BEGIN Extracted records
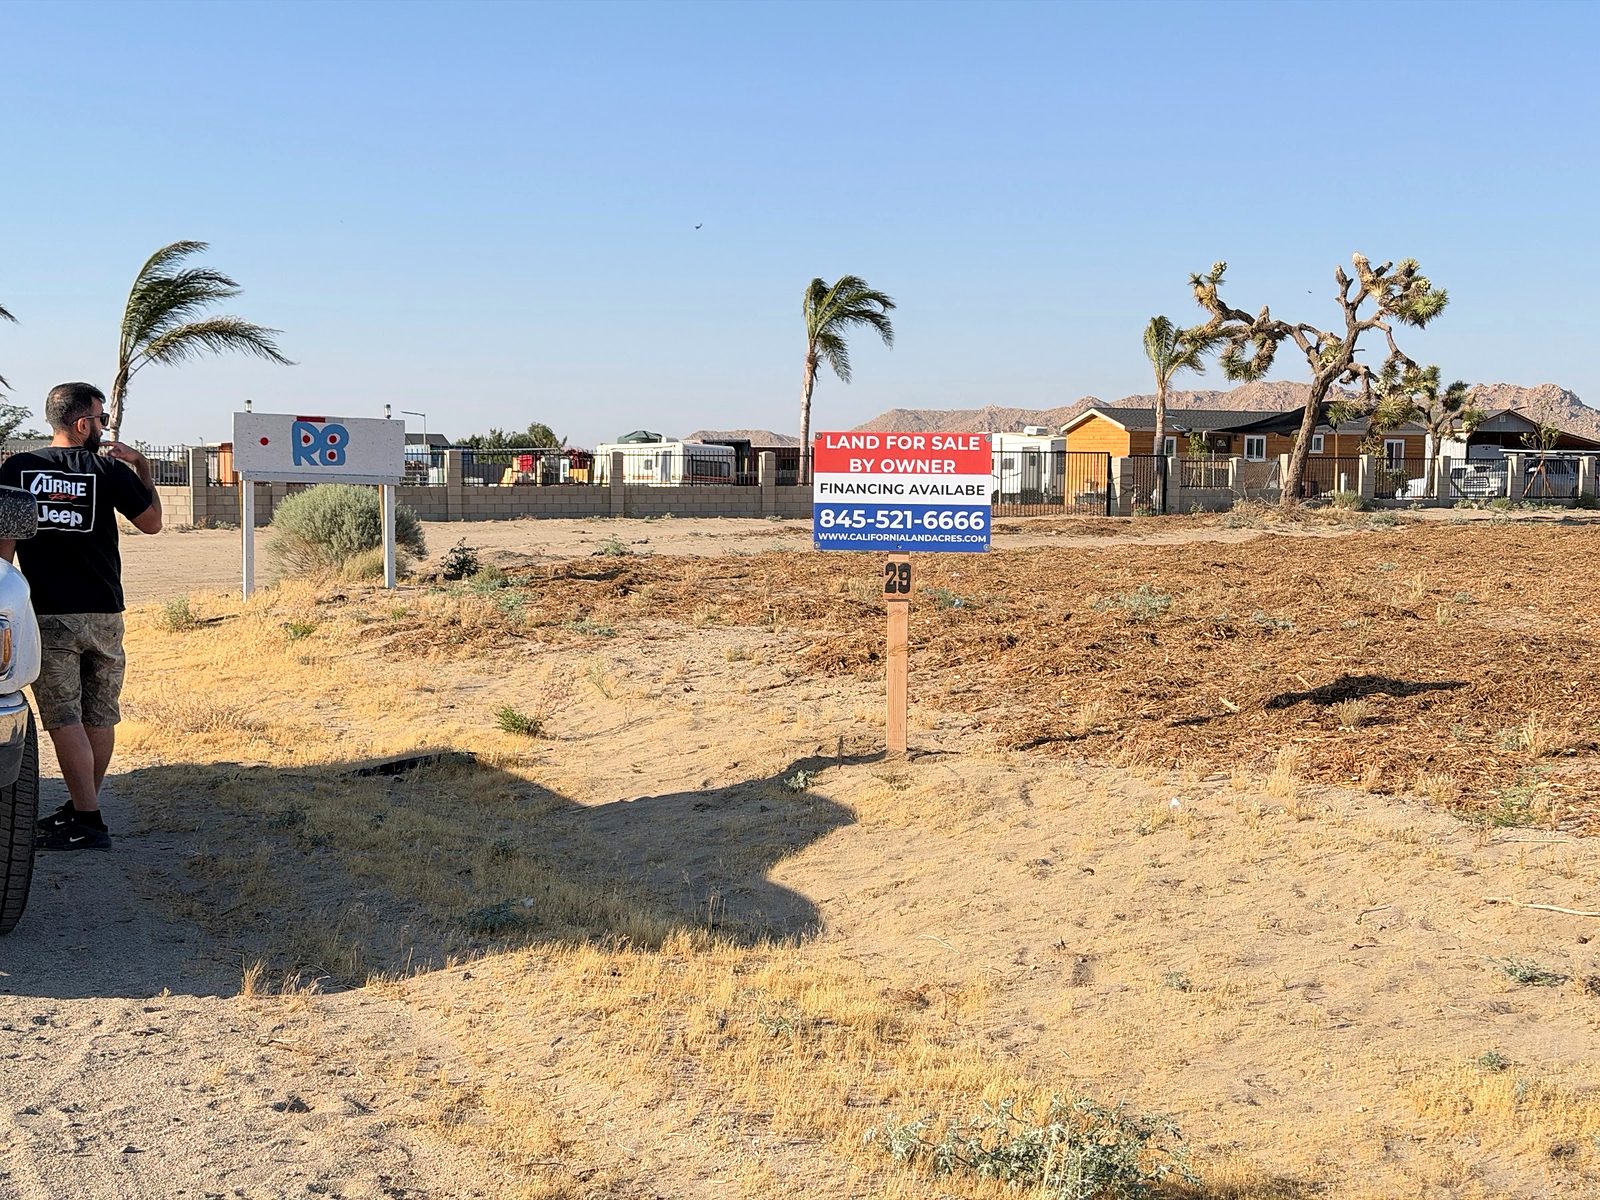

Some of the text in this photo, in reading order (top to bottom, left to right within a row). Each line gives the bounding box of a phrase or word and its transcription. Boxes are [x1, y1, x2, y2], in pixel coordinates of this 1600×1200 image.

[291, 421, 349, 466] R8
[826, 435, 980, 451] LAND FOR SALE
[849, 458, 956, 473] BY OWNER
[820, 483, 985, 496] FINANCING AVAILABE
[37, 505, 83, 527] Jeep
[819, 509, 985, 530] 845-521-6666
[818, 532, 987, 543] WWW.CALIFORNIALANDACRES.COM
[884, 562, 912, 594] 29
END Extracted records
● **Task prompt**: Output the records exactly, and let none of their pictures appear in the copy.

● **Result**:
Some of the text in this photo, in reading order (top to bottom, left to right within a row). Each line gives the bounding box of a phrase or word and its transcription. Boxes are [x1, y1, x2, y2], in pixel coordinates of this 1600×1200 image.

[291, 421, 349, 466] R8
[826, 435, 980, 451] LAND FOR SALE
[849, 458, 956, 473] BY OWNER
[820, 483, 985, 496] FINANCING AVAILABE
[37, 505, 83, 527] Jeep
[819, 509, 985, 530] 845-521-6666
[818, 532, 987, 543] WWW.CALIFORNIALANDACRES.COM
[884, 562, 912, 594] 29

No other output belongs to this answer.